According to the American Medical Association, Brown University and other medical schools are trying out interim solutions to remotely administer shelf exams to their medical students while live testing centers are closes due to safety guidelines that prohibit large gatherings.

On April 27th, the California Supreme Court ordered the California Bar to postpone the Summer exam session and work to find a way to deliver the exam remotely in the Fall.  Other state bar associations across the country are considering similar measures as well.  Further, in mid-April, The College Board, which oversees the SATs, announced that it would be administering the college entrance exam remotely in the event that schools remain closed through the Fall of this year.  And according to Kaplan, several major graduate school admissions exams are moving online in response to COVID-19 concerns as well.

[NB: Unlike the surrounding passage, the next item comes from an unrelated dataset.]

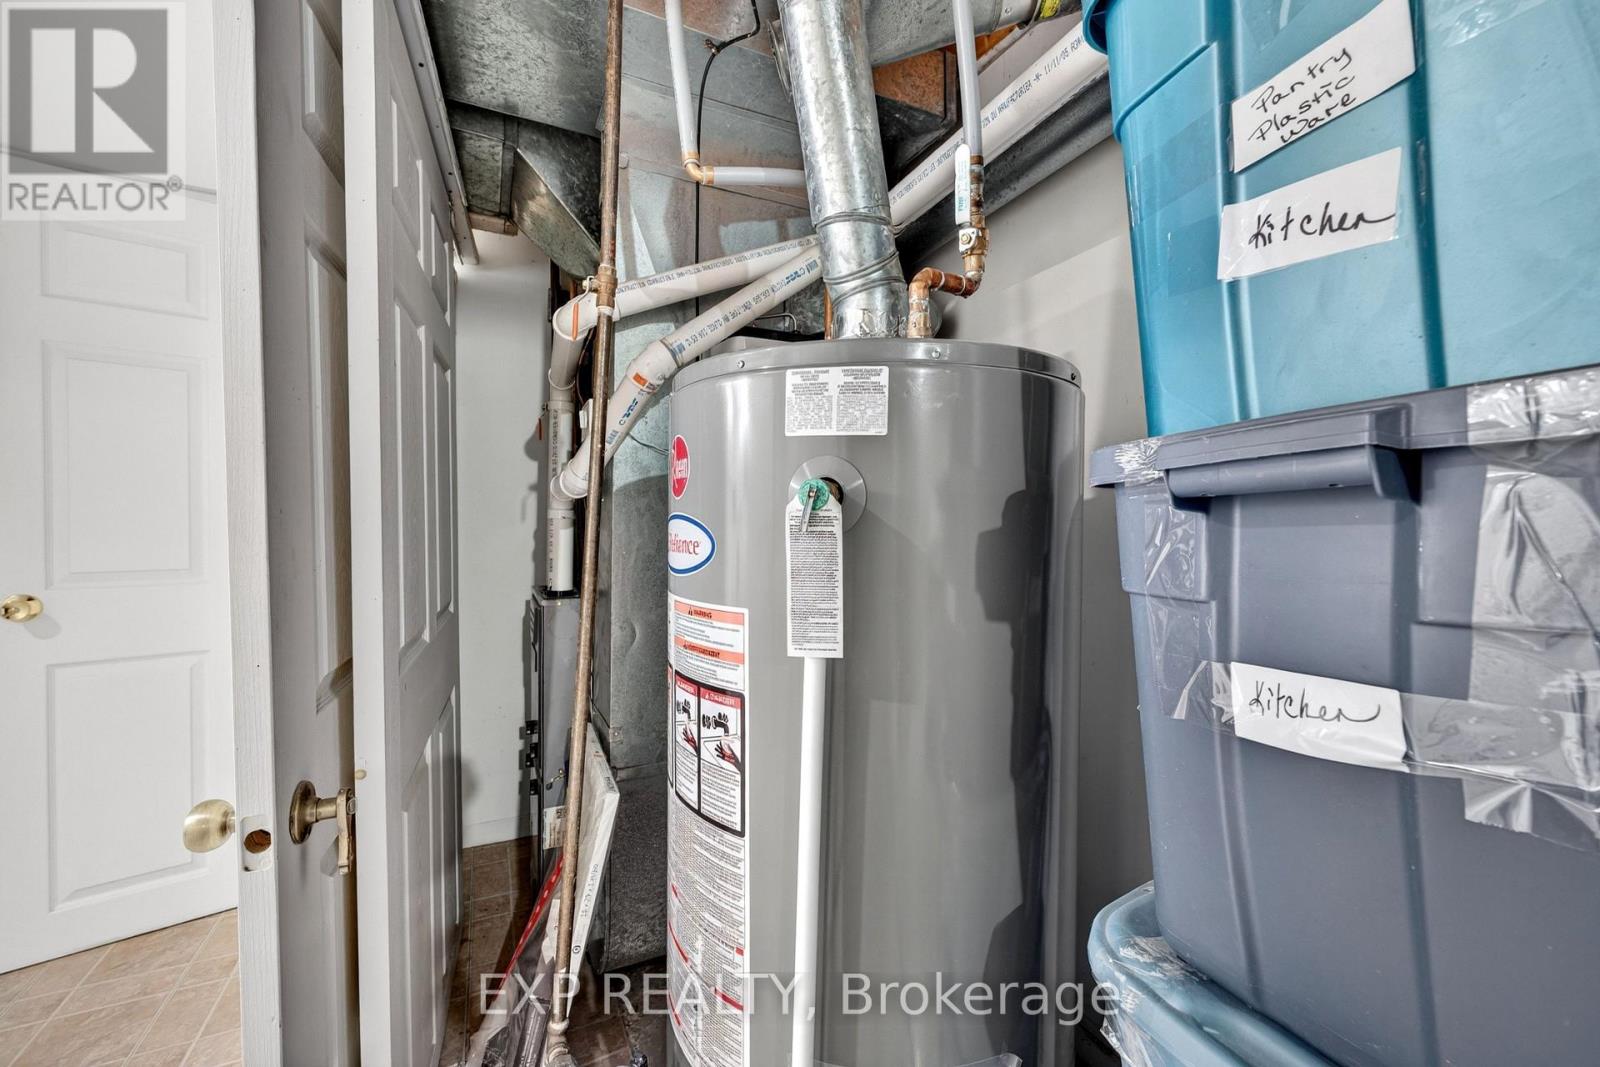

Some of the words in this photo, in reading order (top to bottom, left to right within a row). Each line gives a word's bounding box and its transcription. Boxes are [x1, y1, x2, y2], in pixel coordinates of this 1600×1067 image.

[1248, 75, 1355, 142] Plastic
[1251, 48, 1353, 113] Pantry
[1249, 202, 1396, 249] Kitchen
[1249, 681, 1381, 723] Kitchen

The biggest hurdle all of these organizations will face is how to embrace remote proctored testing while still maintaining the integrity and security of these exams.  For years, online testing has been proctored remotely via a single webcam on the test-taker's computer or laptop, and this format makes it very easy to cheat.  While the proctor can see the test-taker as they're taking the exam and they ask them to point the webcam around the room before the exam begins to verify that there are no study materials in view or anyone else in the room helping them, it's all too easy for someone to walk into the room later and stand just out of the narrow field of view that a standard webcam provides.  Many students have even admitted to simply sticking notes directly next to the webcam's lens on their laptop where they're completely out of view of the camera at all times.

That's why many institutions have been reluctant to adopt remote proctoring solutions for critical exams—relying instead on live test centers.  But these centers were already becoming too over-crowded and too costly to operate long-term.  And with COVID-19 forcing these centers and even exam facilities at universities to close, the immediate need for a truly secure remote testing platform has become critical to the future of education, training, and certification around the world.

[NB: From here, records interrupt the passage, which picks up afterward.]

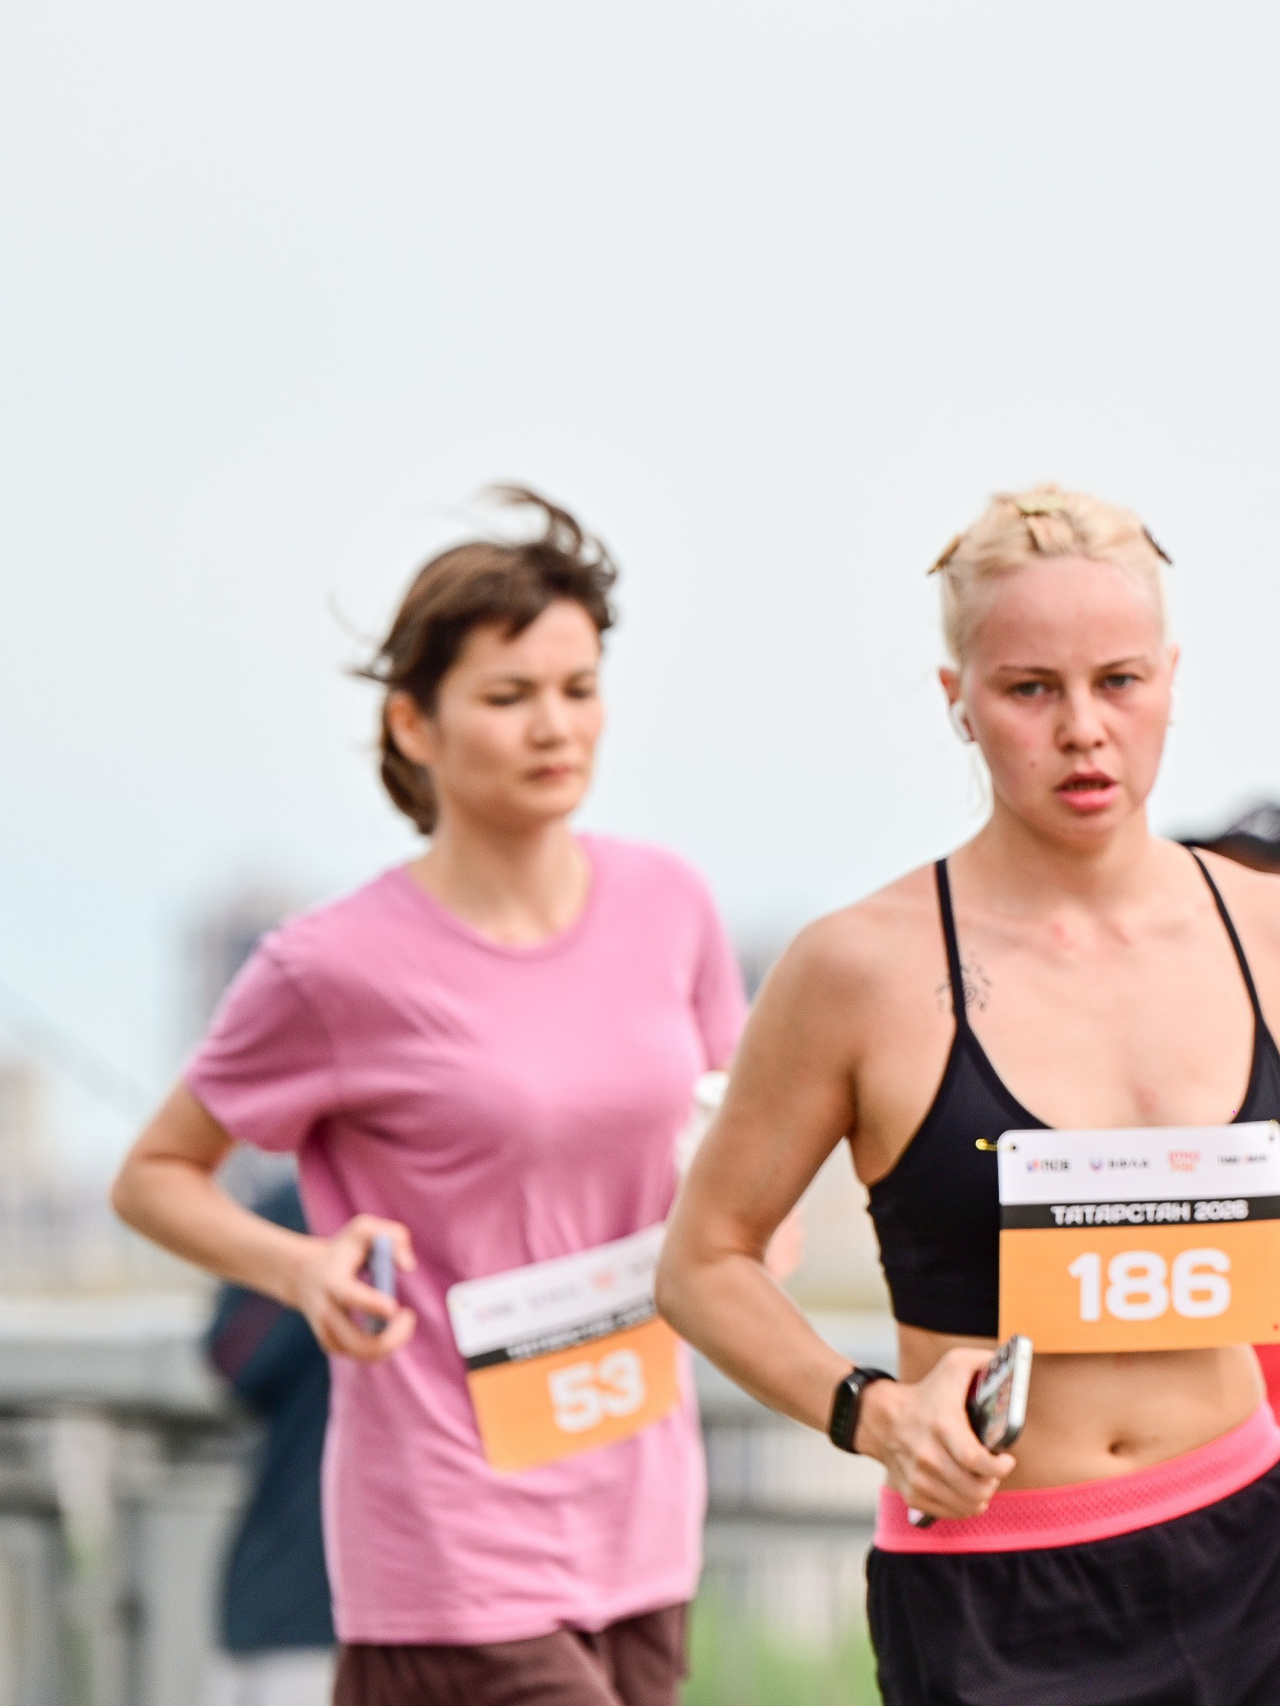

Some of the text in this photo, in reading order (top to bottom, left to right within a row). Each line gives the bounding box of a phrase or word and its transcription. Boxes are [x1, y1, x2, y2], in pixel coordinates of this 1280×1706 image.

[1050, 1202, 1191, 1226] ТАТАРСТАН
[1067, 1247, 1232, 1322] 186
[548, 1347, 644, 1434] 53
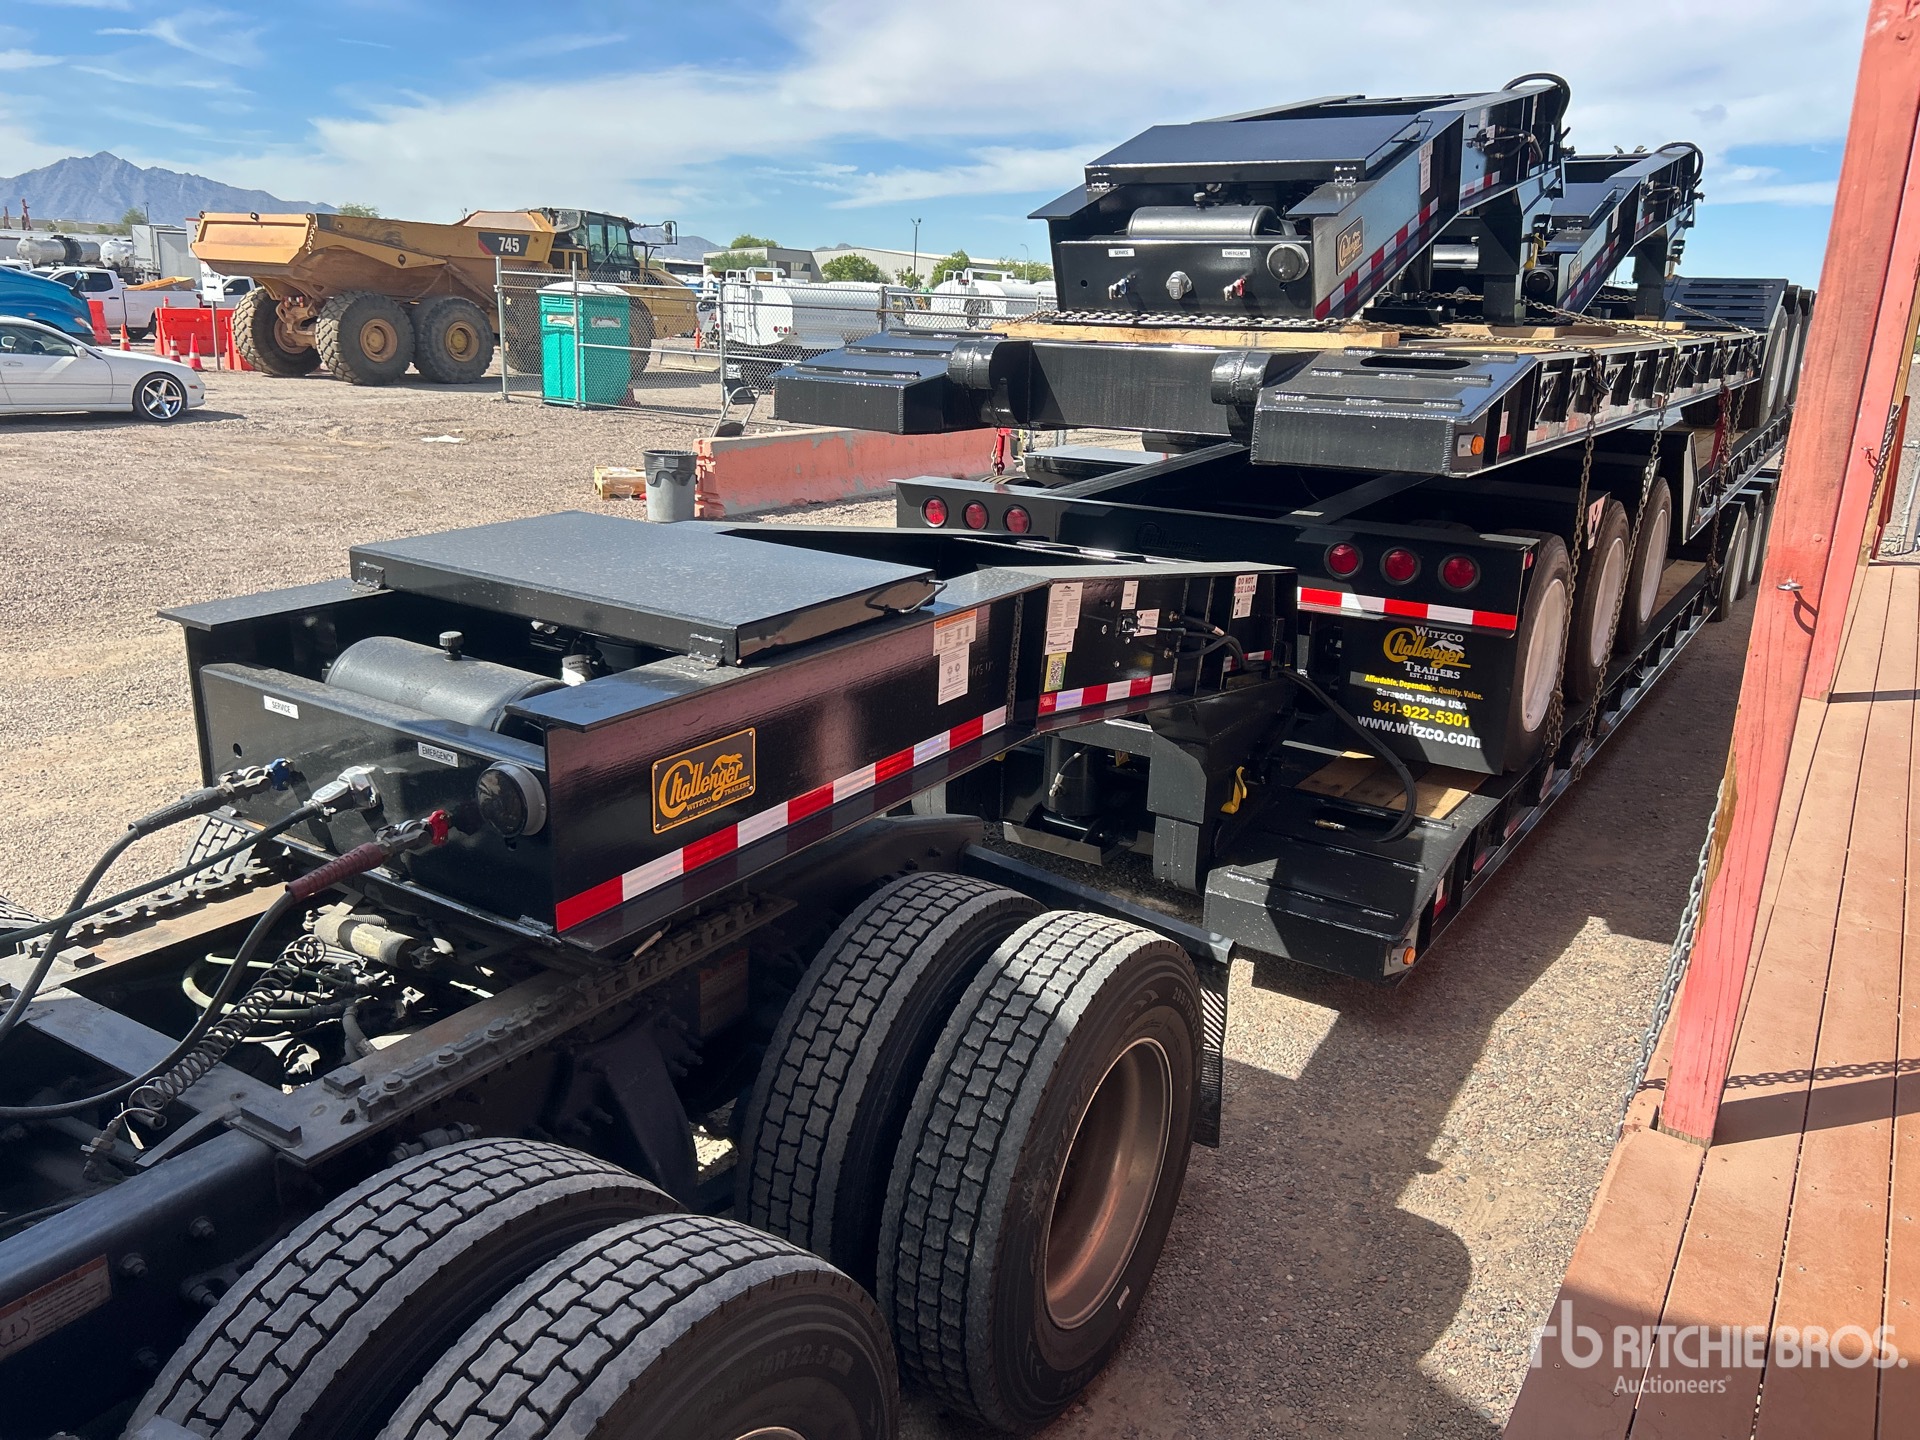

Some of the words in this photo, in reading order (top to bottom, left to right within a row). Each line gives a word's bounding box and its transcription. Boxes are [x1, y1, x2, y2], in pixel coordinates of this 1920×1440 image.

[498, 236, 520, 253] 745
[1415, 625, 1464, 642] WITZCO
[1383, 627, 1472, 669] Challenger
[1403, 661, 1461, 679] TRAILERS
[1409, 672, 1423, 680] EST.
[1365, 674, 1399, 686] Affordable.
[1399, 680, 1437, 692] Dependable.
[1438, 686, 1463, 698] Quality.
[1463, 690, 1484, 700] Value.
[271, 701, 291, 713] SERVICE
[1376, 688, 1414, 702] Sarasota,
[1416, 694, 1446, 707] Florida
[1448, 699, 1468, 710] USA
[1372, 699, 1470, 728] 941-922-5301
[1356, 715, 1482, 749] www.witzco.com
[421, 746, 455, 763] EMERGENCY
[658, 759, 751, 819] Challenger
[686, 796, 712, 811] WITZCO
[724, 780, 751, 796] TRAILERS

Proctor 360, an EdTech startup based in the Washington DC area, is launching a new testing platform that allows students to take any exam remotely—even paper-based exams—at any time with complete security.  Proctor 360's patented 360-degree testing cam is shipped to students when they register to take an exam online, their identity is verified prior to the exam, and the proctor is able to capture a complete view of the testing environment throughout the entire testing session.

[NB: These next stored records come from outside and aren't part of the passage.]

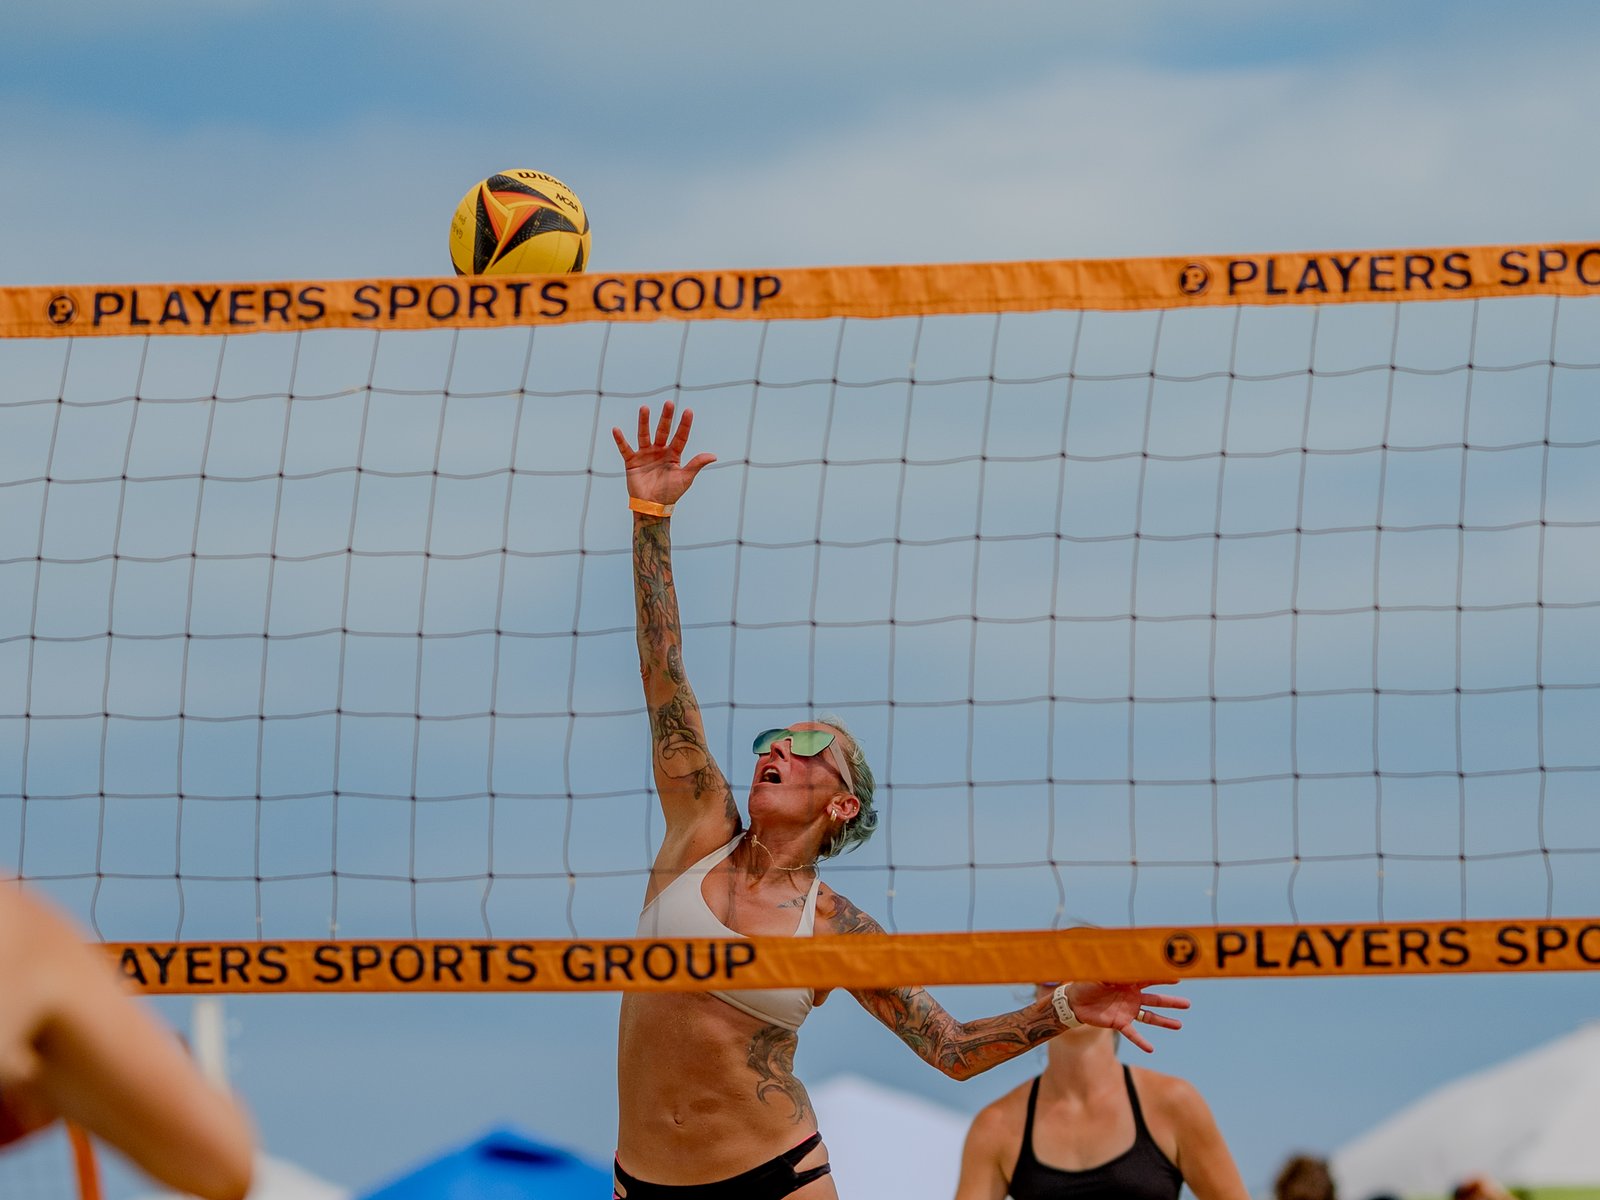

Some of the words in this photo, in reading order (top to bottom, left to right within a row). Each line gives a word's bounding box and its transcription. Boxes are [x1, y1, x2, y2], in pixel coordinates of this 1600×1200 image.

[1228, 252, 1472, 295] PLAYERS
[1500, 248, 1600, 286] SPO
[93, 286, 326, 326] PLAYERS
[352, 281, 568, 320] SPORTS
[592, 275, 781, 313] GROUP
[119, 945, 288, 985] AYERS
[314, 944, 537, 984] SPORTS
[562, 942, 756, 983] GROUP
[1216, 927, 1470, 969] PLAYERS
[1497, 924, 1600, 966] SPO

When the exam is over, the student simply drops the 360-degree headset in the mail to return it using a pre-printed shipping label.  And if there is ever a concern about a student's testing session, Proctor 360 archives the 360-degree video of the entire testing session for later review if needed.

In early 2019, Proctor 360 completed a small funding round via an online public offering on Start Engine to raise the initial money to complete manufacturing development of their headset design and build out their online remote testing platform.  With design and development complete, they're now beginning to onboard client organizations and administer exams.

Because their use of 360-degree camera technology for the purpose of remote proctoring is patent-pending, it isn't likely that any other online testing platform will be able to offer the same kind of security.  And with the increasing need for secure, cheat-proof exam delivery, Proctor 360 is poised to capture a substantial portion of the remote testing market—particularly among institutions that place a high value on the validity of critical exam results.

"Remote proctored exams are becoming a new reality for many organizations that have avoided them in the past," says Bathula, who also owns and operates two live testing centers in the D.C. area that have been affected by the pandemic.  "Fortunately, we've found a way to solve their biggest problem with existing services, and we're working to expand our service as quickly as possible to meet the growing demand for our secure platform."